» **WHAT IS EXPECTED**
Pictures aside, write every record out again word for word.

Data items

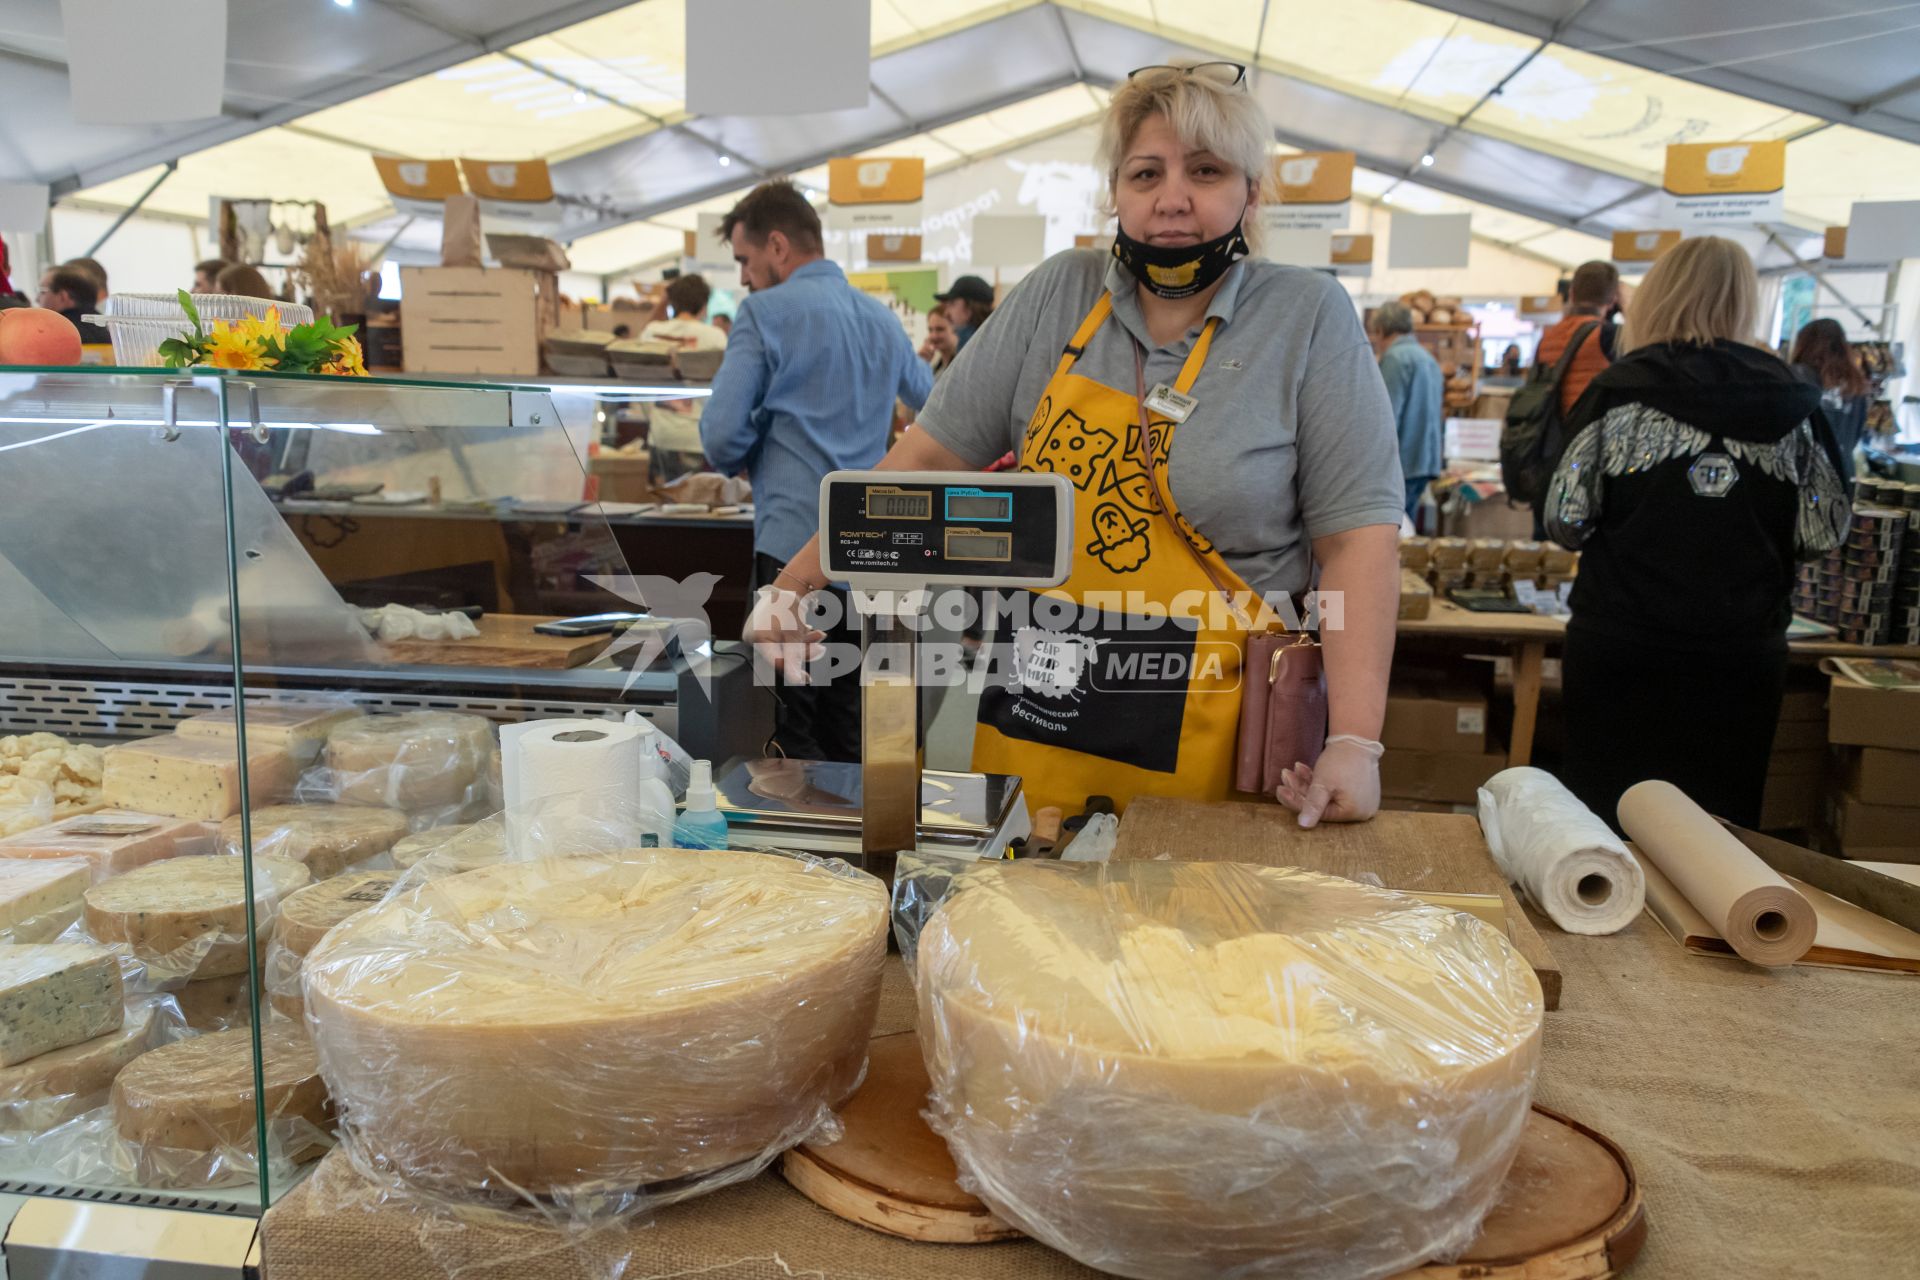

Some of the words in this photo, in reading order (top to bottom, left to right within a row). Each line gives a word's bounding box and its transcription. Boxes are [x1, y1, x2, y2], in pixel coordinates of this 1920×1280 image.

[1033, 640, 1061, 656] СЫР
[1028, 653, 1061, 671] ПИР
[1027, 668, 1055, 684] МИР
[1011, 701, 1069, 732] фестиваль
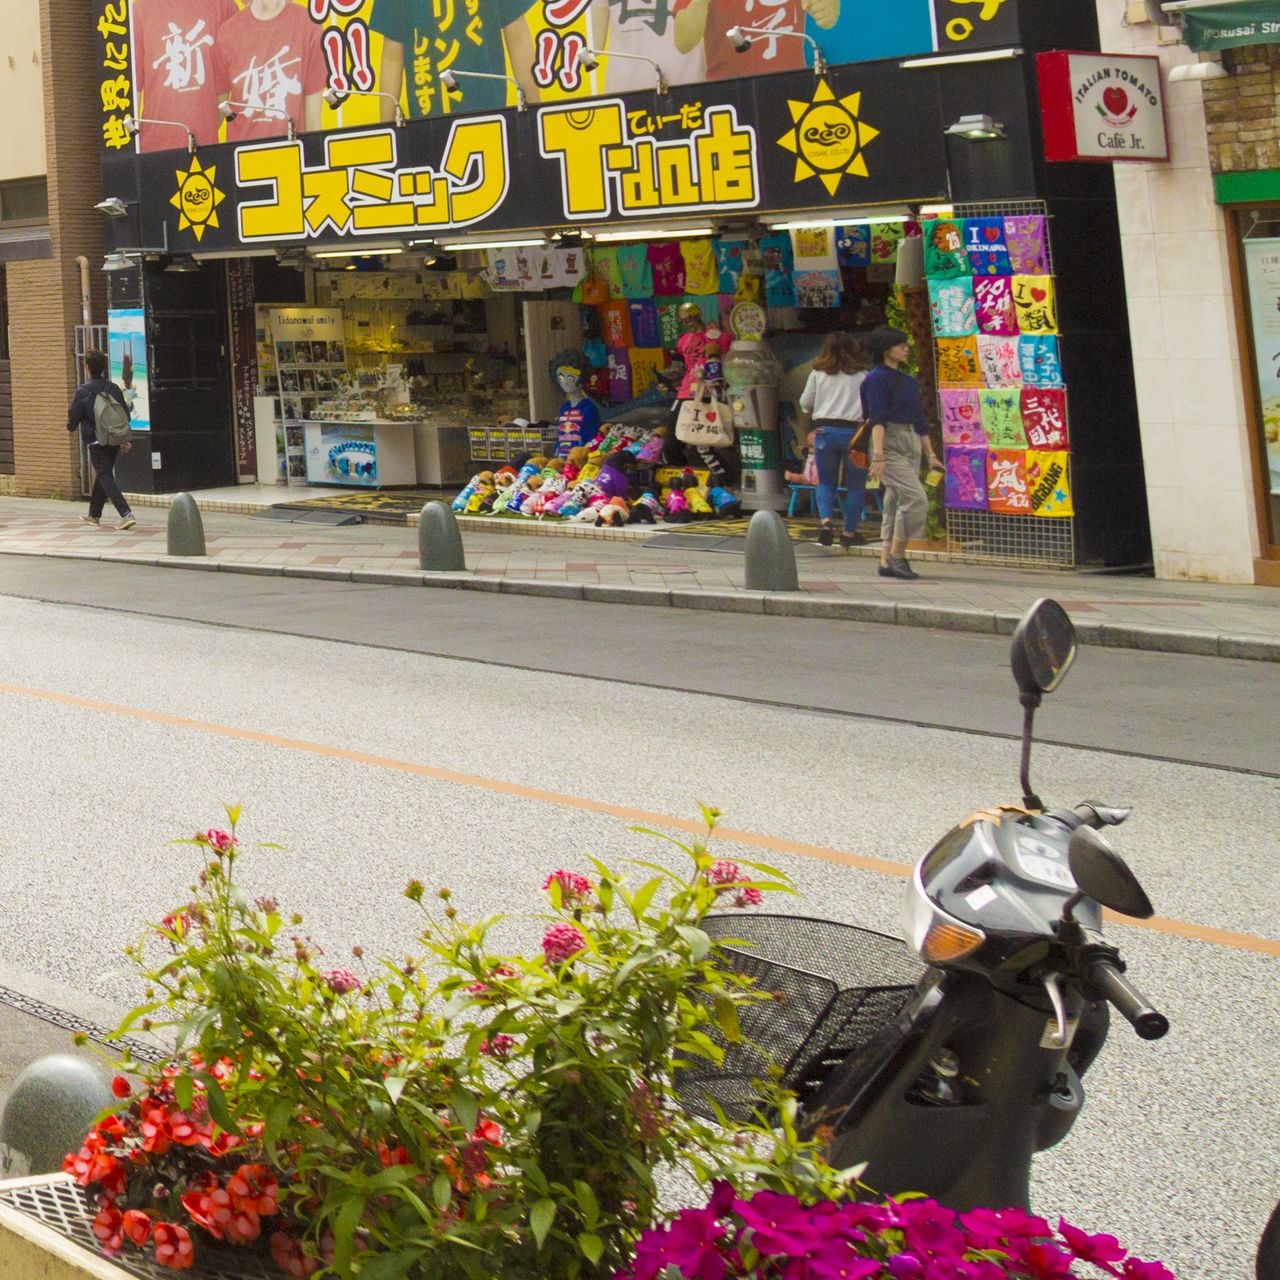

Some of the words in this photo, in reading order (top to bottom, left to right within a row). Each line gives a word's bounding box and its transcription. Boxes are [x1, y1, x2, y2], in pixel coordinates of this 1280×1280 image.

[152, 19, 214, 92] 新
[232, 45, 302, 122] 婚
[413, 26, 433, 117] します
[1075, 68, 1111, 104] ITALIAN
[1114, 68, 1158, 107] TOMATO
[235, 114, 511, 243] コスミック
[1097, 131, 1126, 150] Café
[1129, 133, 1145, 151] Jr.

» **OUTPUT FOR THIS TASK**
Some of the words in this photo, in reading order (top to bottom, left to right within a row). Each line gives a word's bounding box and its transcription. Boxes are [x1, y1, x2, y2], in pixel coordinates of this 1920×1280 image.

[1033, 640, 1061, 656] СЫР
[1028, 653, 1061, 671] ПИР
[1027, 668, 1055, 684] МИР
[1011, 701, 1069, 732] фестиваль

Some of the words in this photo, in reading order (top to bottom, left to right within a row). Each line gives a word's bounding box and its transcription. Boxes are [x1, y1, x2, y2], in pixel coordinates of this 1280×1280 image.

[152, 19, 214, 92] 新
[232, 45, 302, 122] 婚
[413, 26, 433, 117] します
[1075, 68, 1111, 104] ITALIAN
[1114, 68, 1158, 107] TOMATO
[235, 114, 511, 243] コスミック
[1097, 131, 1126, 150] Café
[1129, 133, 1145, 151] Jr.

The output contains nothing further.